(Free-text object descriptions)
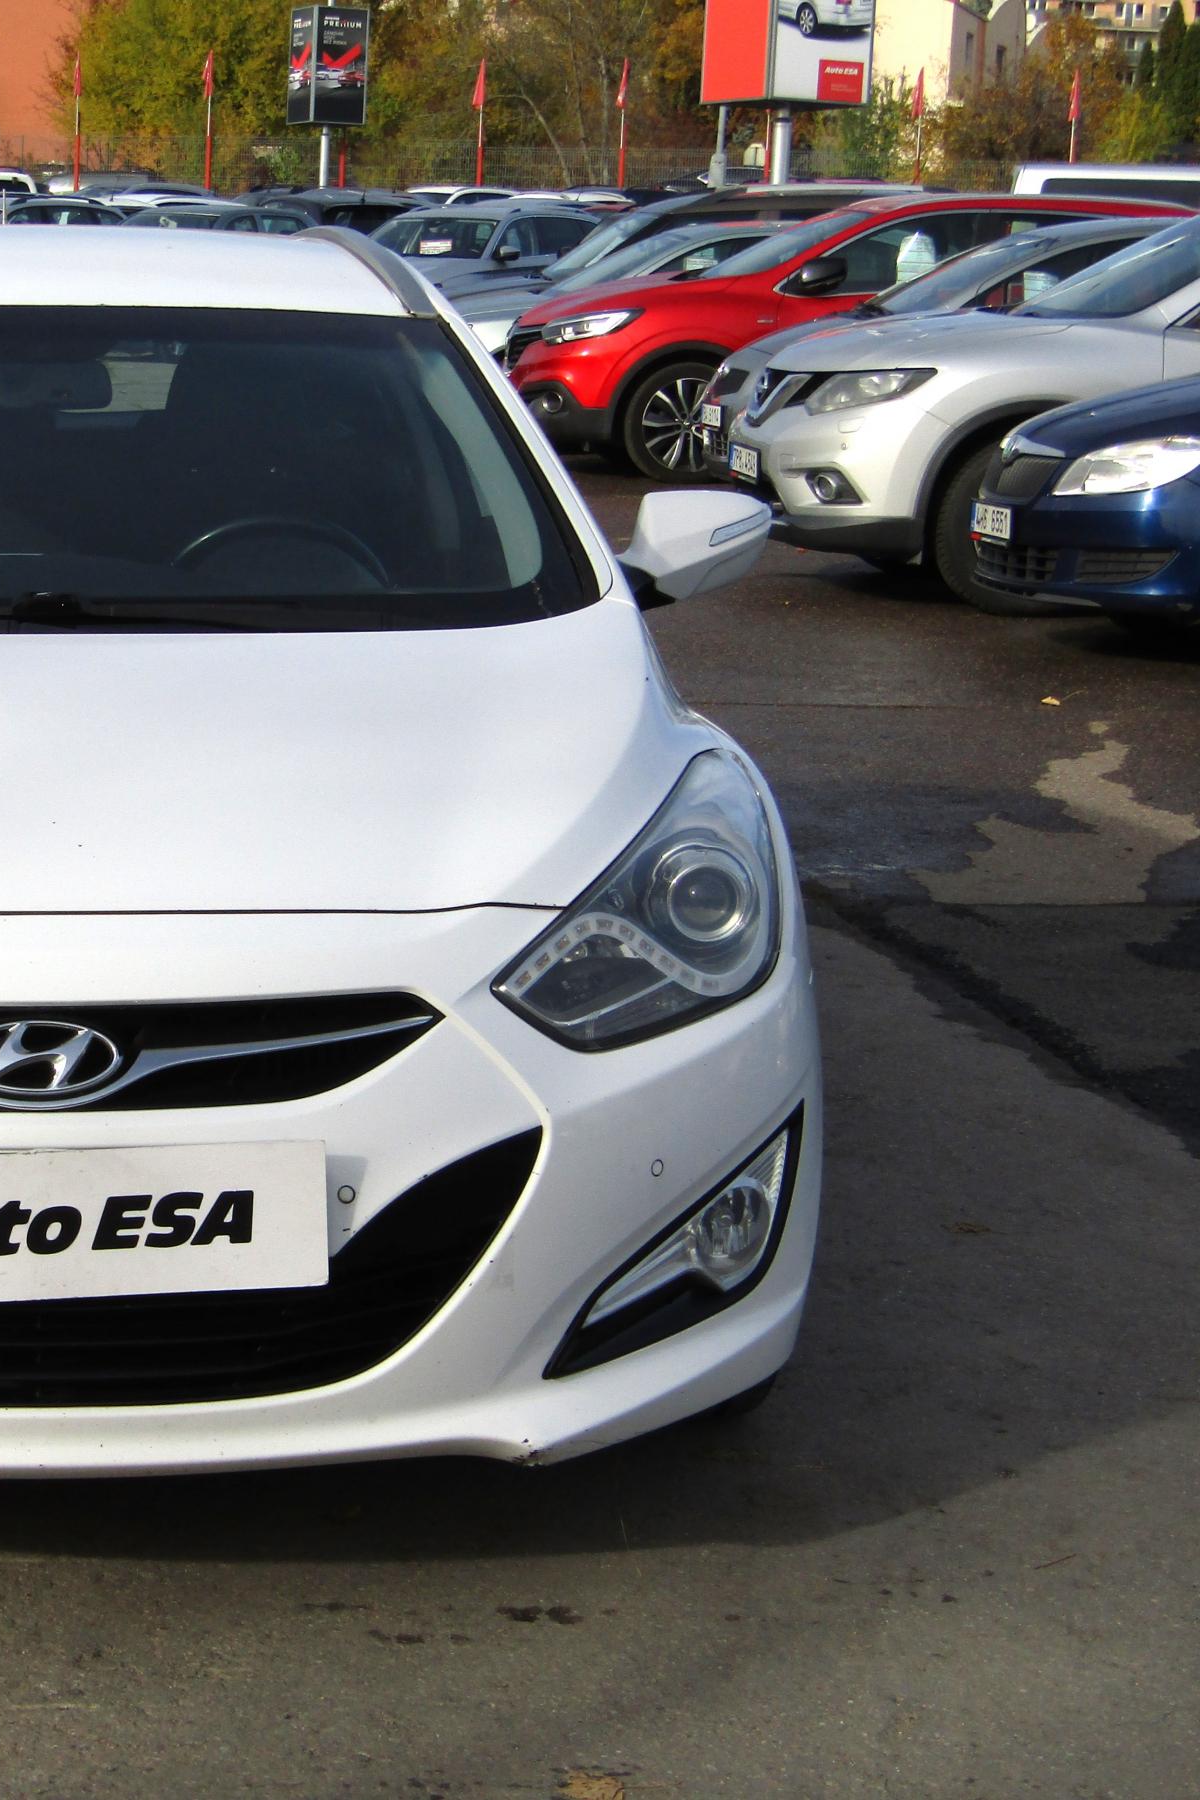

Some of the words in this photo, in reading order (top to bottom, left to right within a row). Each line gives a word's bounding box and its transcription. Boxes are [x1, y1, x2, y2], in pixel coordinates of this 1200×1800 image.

[824, 66, 844, 74] Auto
[844, 67, 859, 75] ESA
[91, 1190, 254, 1250] ESA
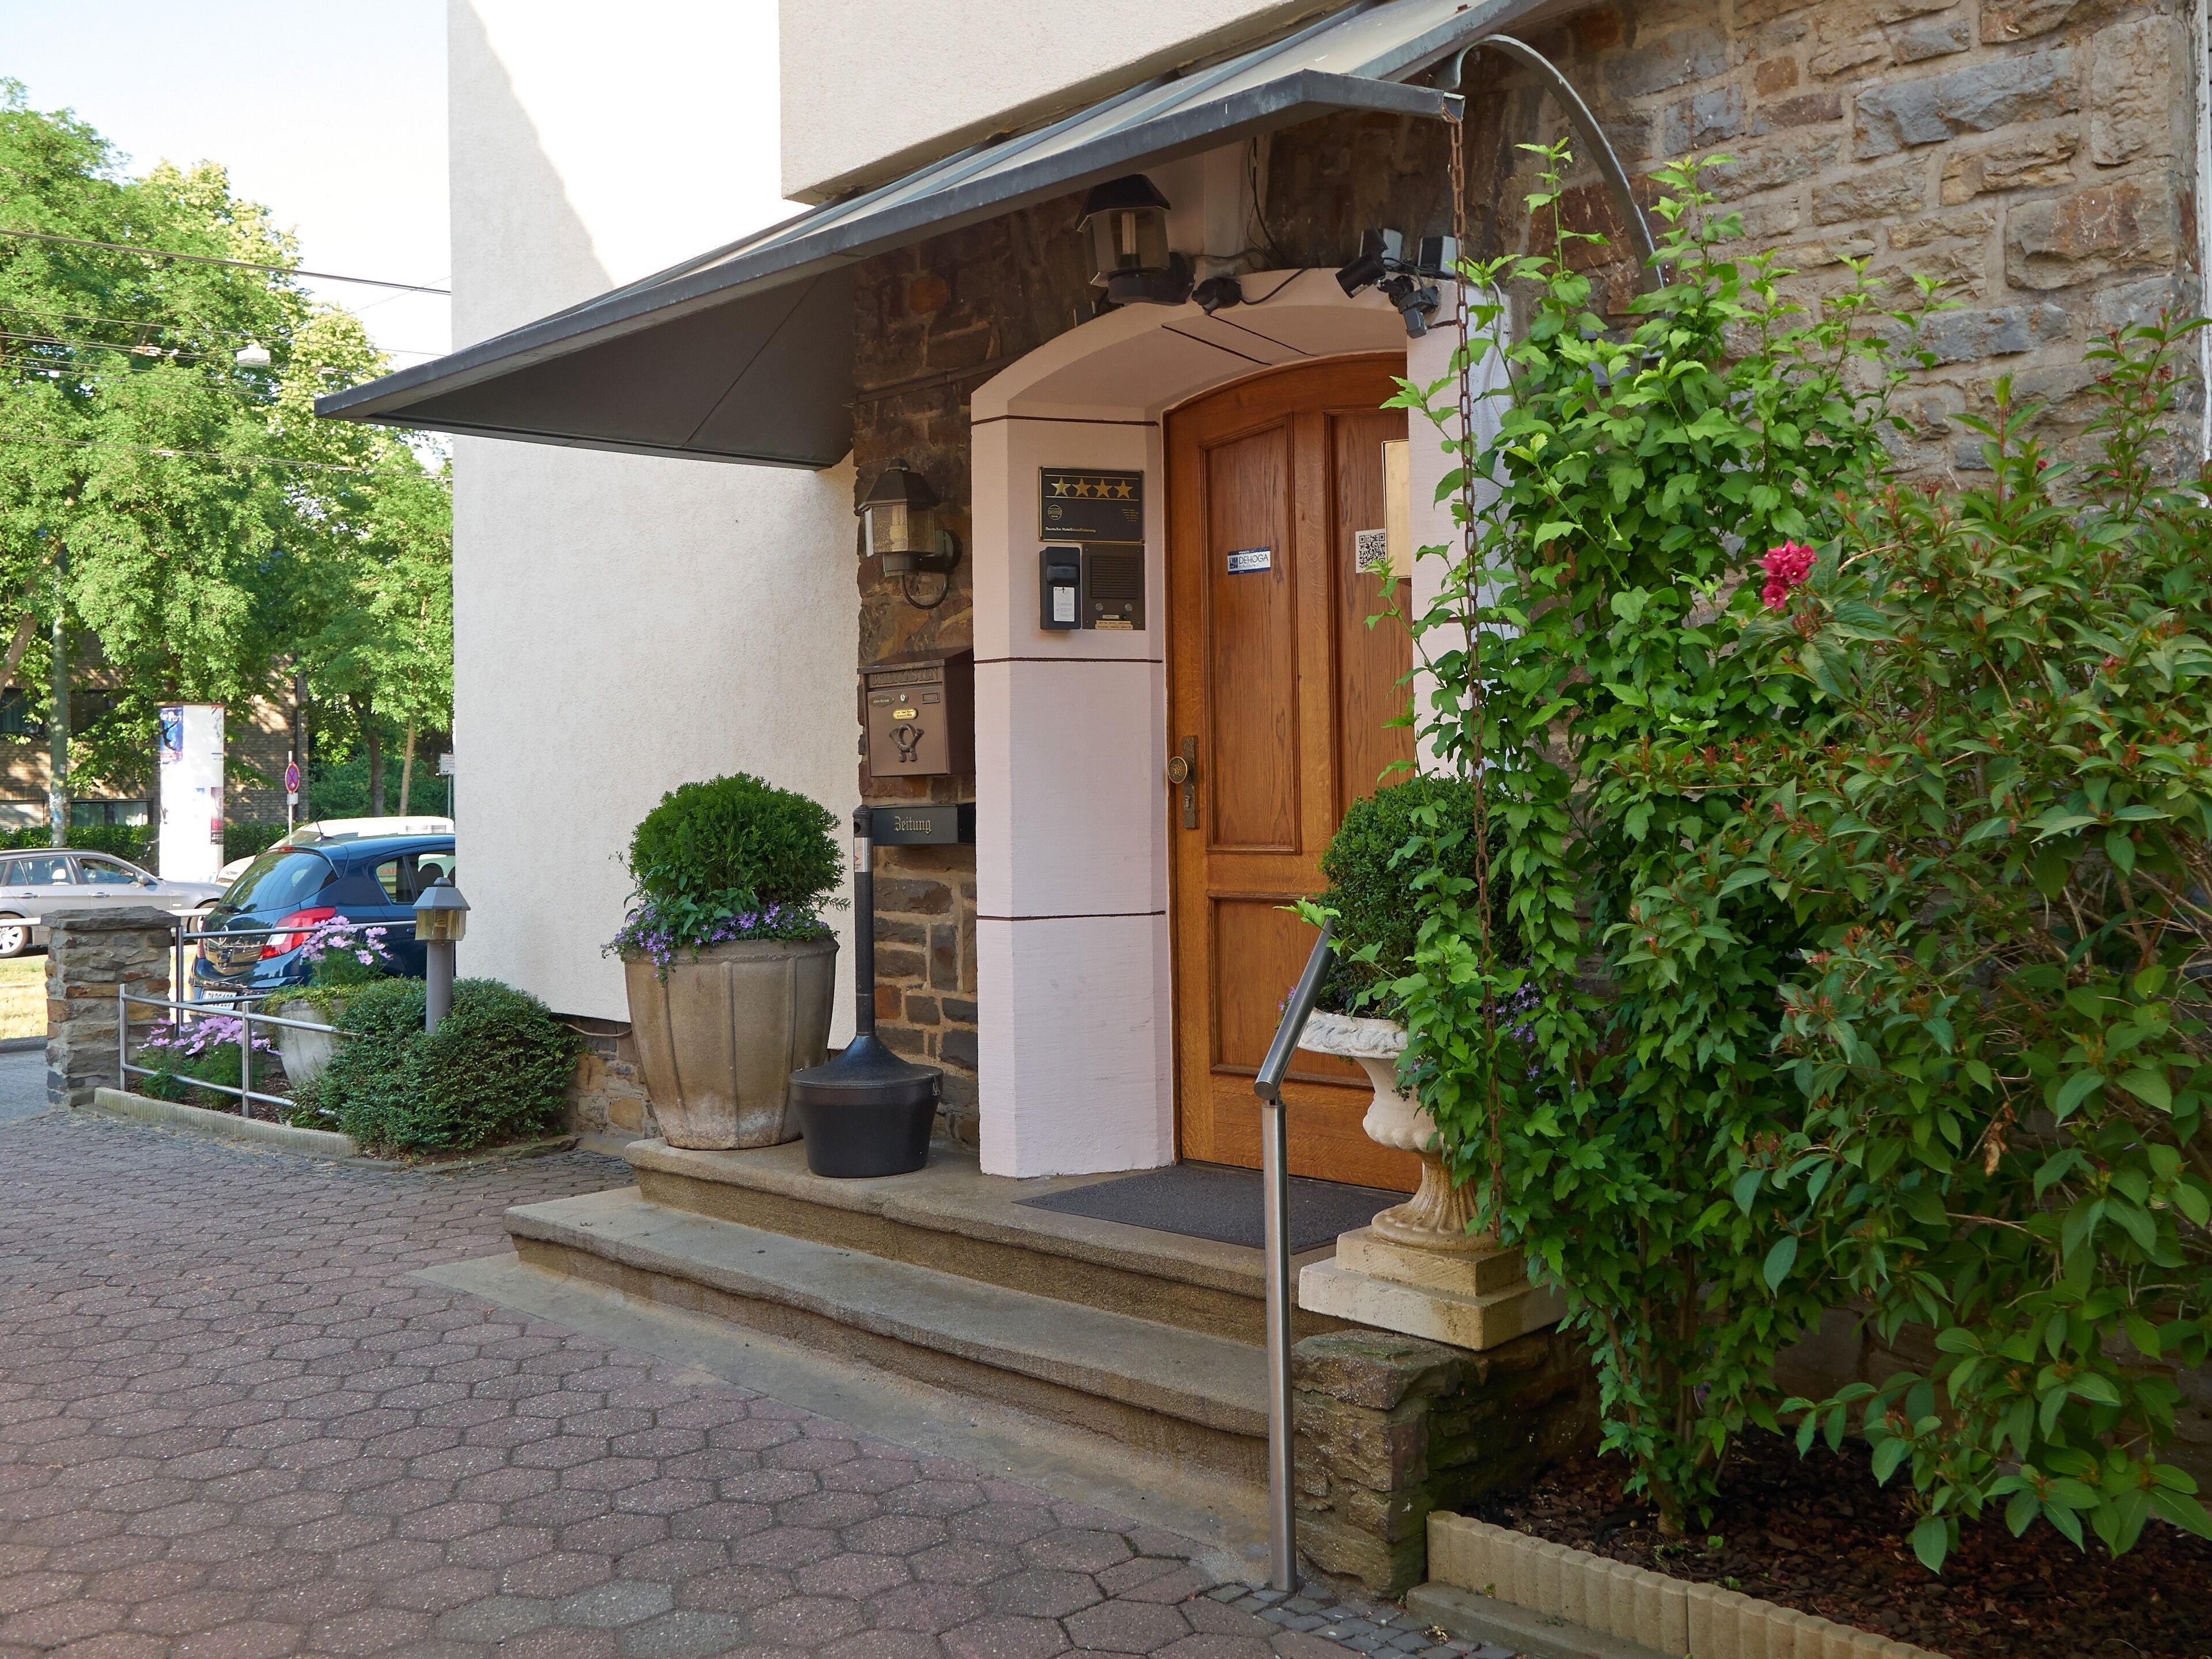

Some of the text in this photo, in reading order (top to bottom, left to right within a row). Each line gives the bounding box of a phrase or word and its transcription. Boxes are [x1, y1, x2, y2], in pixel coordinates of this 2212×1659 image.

[1238, 554, 1268, 564] DEHOGA
[871, 668, 938, 686] BRIEFKASTEN
[893, 816, 931, 834] Zeitung

● **What to do**
Copy the data character for character, but drop all pictures from the copy.

● **Answer for this exercise**
Some of the words in this photo, in reading order (top to bottom, left to right within a row). Each line gives a word's bounding box and its transcription. Boxes are [x1, y1, x2, y2], in pixel coordinates of this 1200×1800 image.

[824, 66, 844, 74] Auto
[844, 67, 859, 75] ESA
[91, 1190, 254, 1250] ESA

Some of the text in this photo, in reading order (top to bottom, left to right within a row). Each line gives the bounding box of a phrase or word and its transcription. Boxes are [x1, y1, x2, y2], in pixel coordinates of this 2212×1659 image.

[1238, 554, 1268, 564] DEHOGA
[871, 668, 938, 686] BRIEFKASTEN
[893, 816, 931, 834] Zeitung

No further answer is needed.